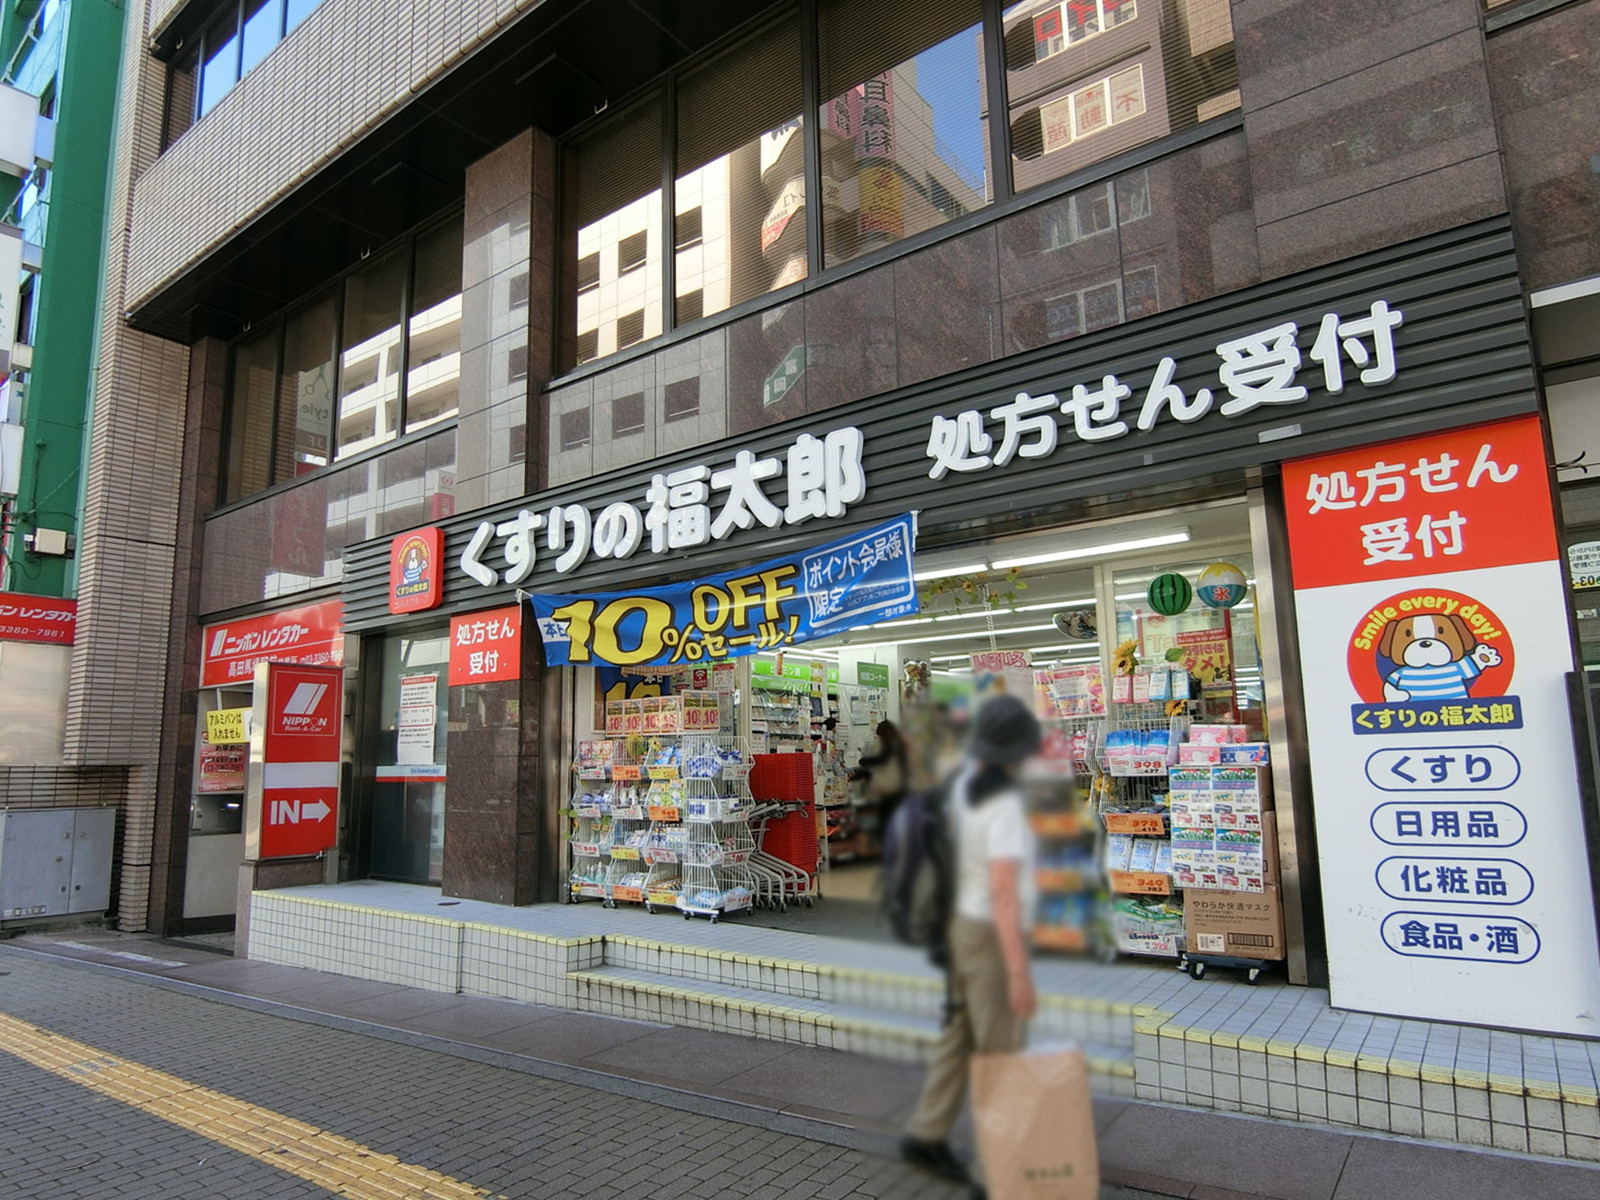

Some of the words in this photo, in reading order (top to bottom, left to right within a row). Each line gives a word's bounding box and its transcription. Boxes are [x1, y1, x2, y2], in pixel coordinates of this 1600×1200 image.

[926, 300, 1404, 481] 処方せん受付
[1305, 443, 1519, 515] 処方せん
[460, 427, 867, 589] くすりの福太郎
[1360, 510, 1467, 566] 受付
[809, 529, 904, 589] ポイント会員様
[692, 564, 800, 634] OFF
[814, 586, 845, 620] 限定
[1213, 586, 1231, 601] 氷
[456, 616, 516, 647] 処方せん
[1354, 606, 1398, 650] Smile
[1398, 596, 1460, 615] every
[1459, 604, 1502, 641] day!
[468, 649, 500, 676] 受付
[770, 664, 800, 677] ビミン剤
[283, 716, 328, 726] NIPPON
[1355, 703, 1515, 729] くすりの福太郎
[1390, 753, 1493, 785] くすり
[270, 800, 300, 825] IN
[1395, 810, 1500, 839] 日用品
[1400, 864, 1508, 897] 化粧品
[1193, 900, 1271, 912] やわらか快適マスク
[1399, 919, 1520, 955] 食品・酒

================================

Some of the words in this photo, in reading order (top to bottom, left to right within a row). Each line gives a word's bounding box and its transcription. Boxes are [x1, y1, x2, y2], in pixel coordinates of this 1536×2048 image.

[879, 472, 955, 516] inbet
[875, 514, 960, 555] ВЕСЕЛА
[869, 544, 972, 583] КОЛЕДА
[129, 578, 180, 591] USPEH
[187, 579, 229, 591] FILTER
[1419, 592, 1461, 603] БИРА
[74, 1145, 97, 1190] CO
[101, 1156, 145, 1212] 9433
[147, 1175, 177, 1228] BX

================================

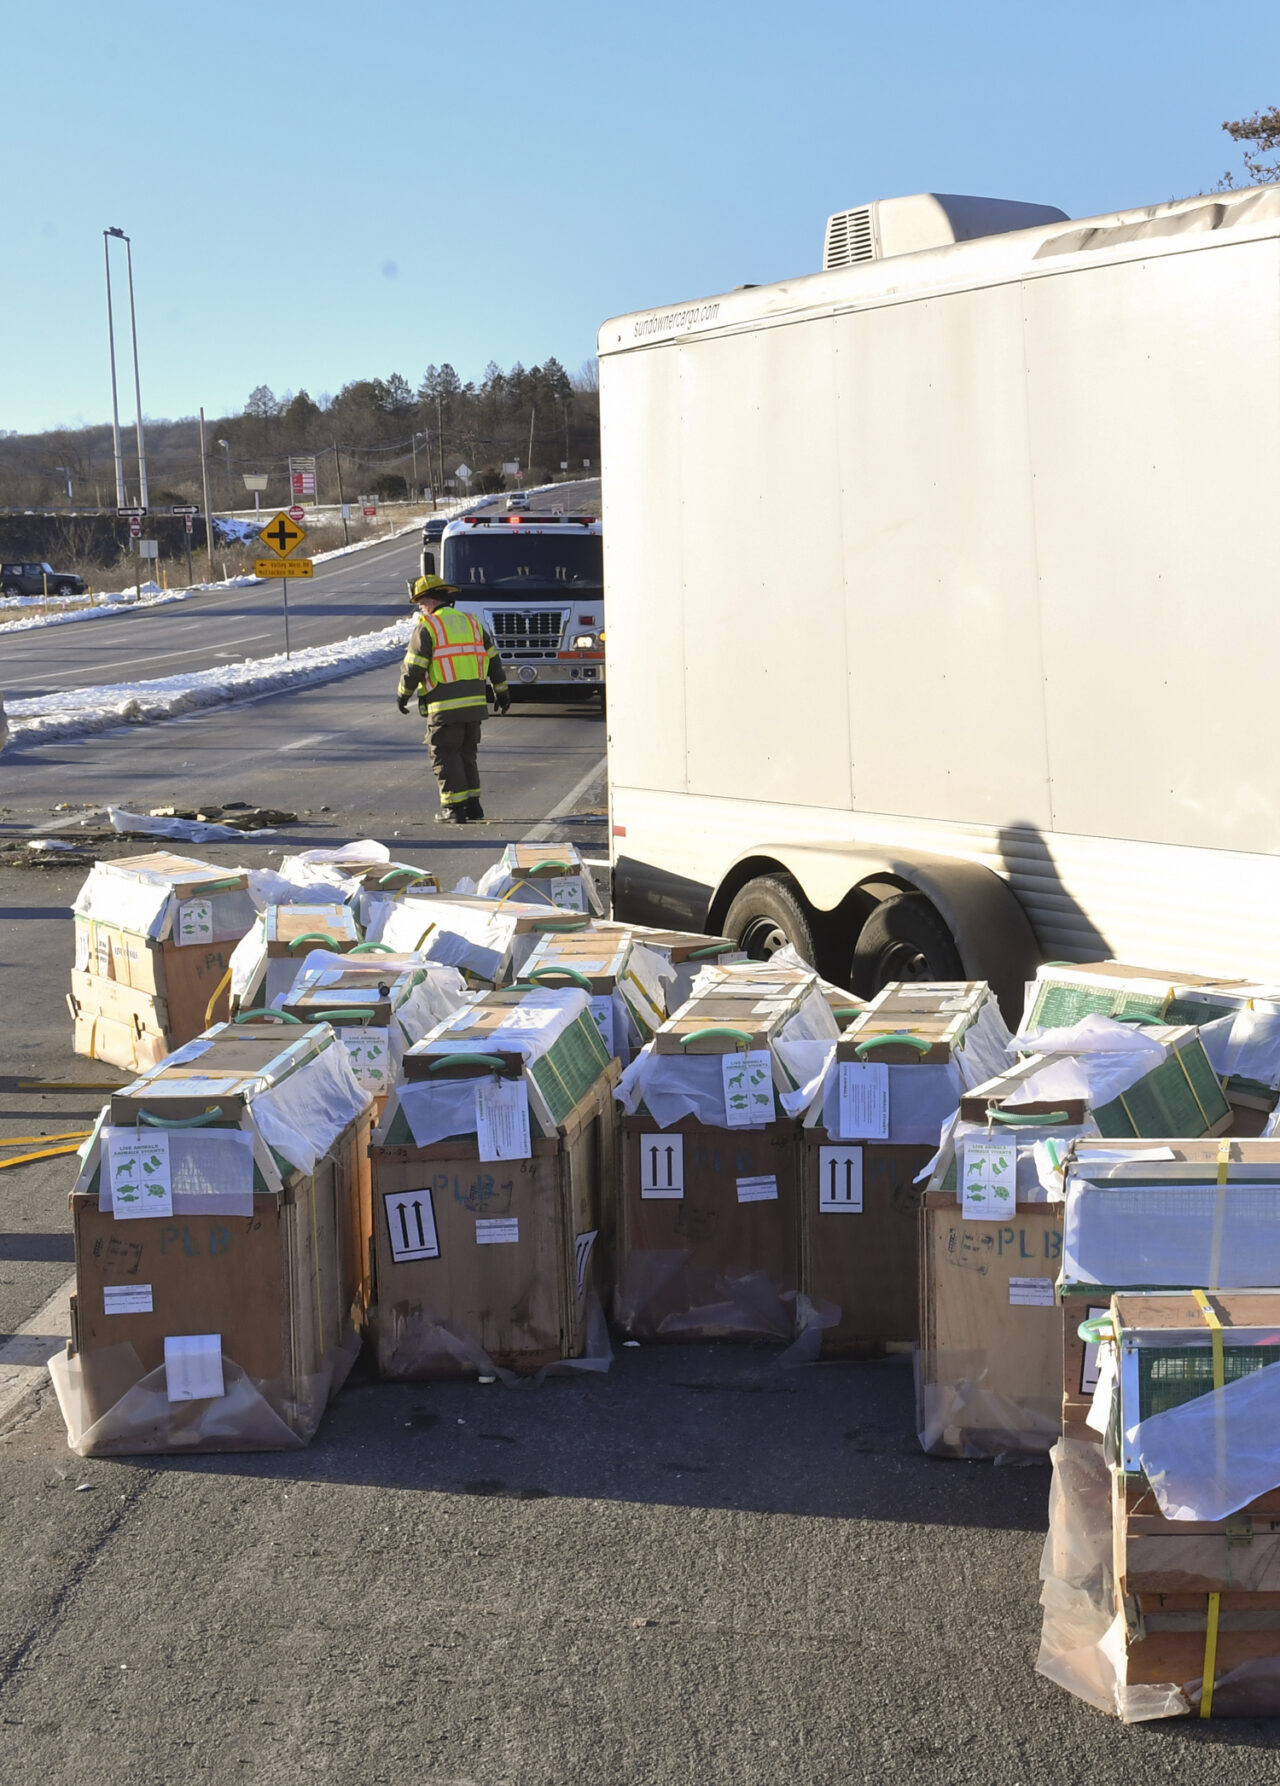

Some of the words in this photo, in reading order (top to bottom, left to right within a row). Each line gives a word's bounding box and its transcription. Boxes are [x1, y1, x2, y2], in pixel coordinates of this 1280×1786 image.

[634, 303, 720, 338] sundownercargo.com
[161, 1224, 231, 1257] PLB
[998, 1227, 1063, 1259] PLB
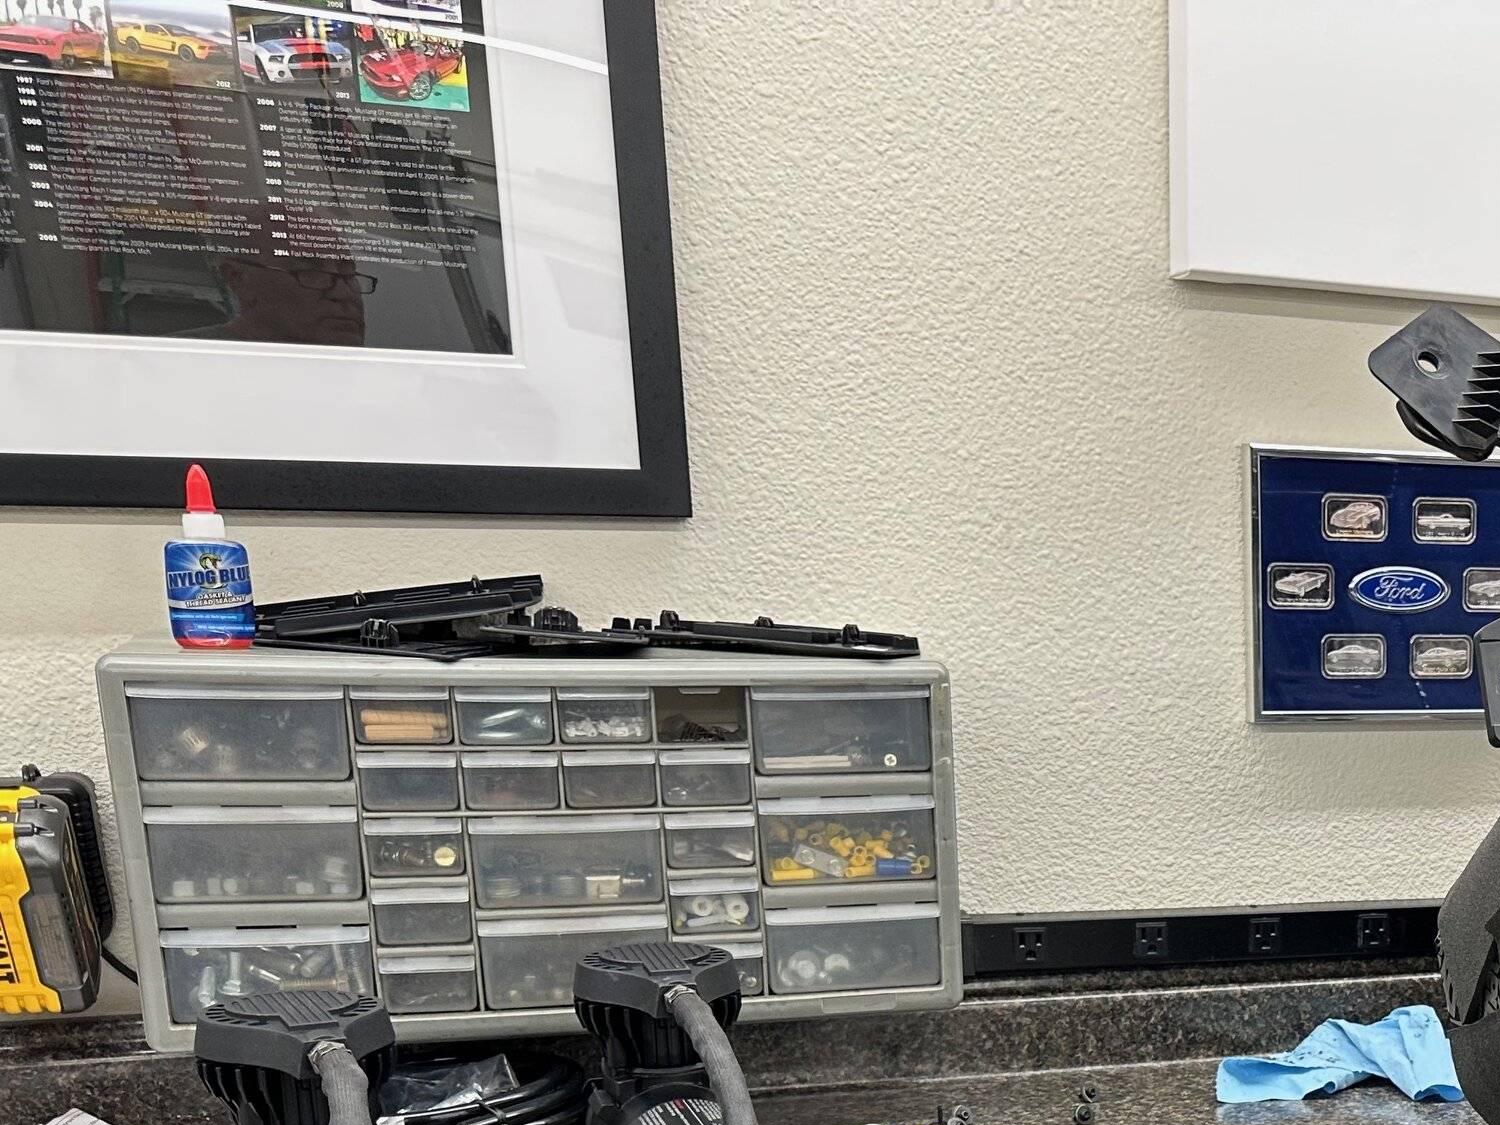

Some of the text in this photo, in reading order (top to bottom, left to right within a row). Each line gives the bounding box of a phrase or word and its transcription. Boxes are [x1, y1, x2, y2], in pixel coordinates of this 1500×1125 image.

================================

## Directions for this task
Reproduce, exactly and only, the lines of the records above starting at the line with "this 1280×1786 image." and ending at the line with "Some of the text", both included. Leave every picture out.

## Task response
Some of the words in this photo, in reading order (top to bottom, left to right within a row). Each line gives a word's bounding box and its transcription. Boxes are [x1, y1, x2, y2], in pixel coordinates of this 1280×1786 image.

[634, 303, 720, 338] sundownercargo.com
[161, 1224, 231, 1257] PLB
[998, 1227, 1063, 1259] PLB

Some of the text in this photo, in reading order (top to bottom, left to right within a row). Each line gives the bounding box of a phrase or word and its transcription. Boxes are [x1, y1, x2, y2], in pixel coordinates of this 1500×1125 image.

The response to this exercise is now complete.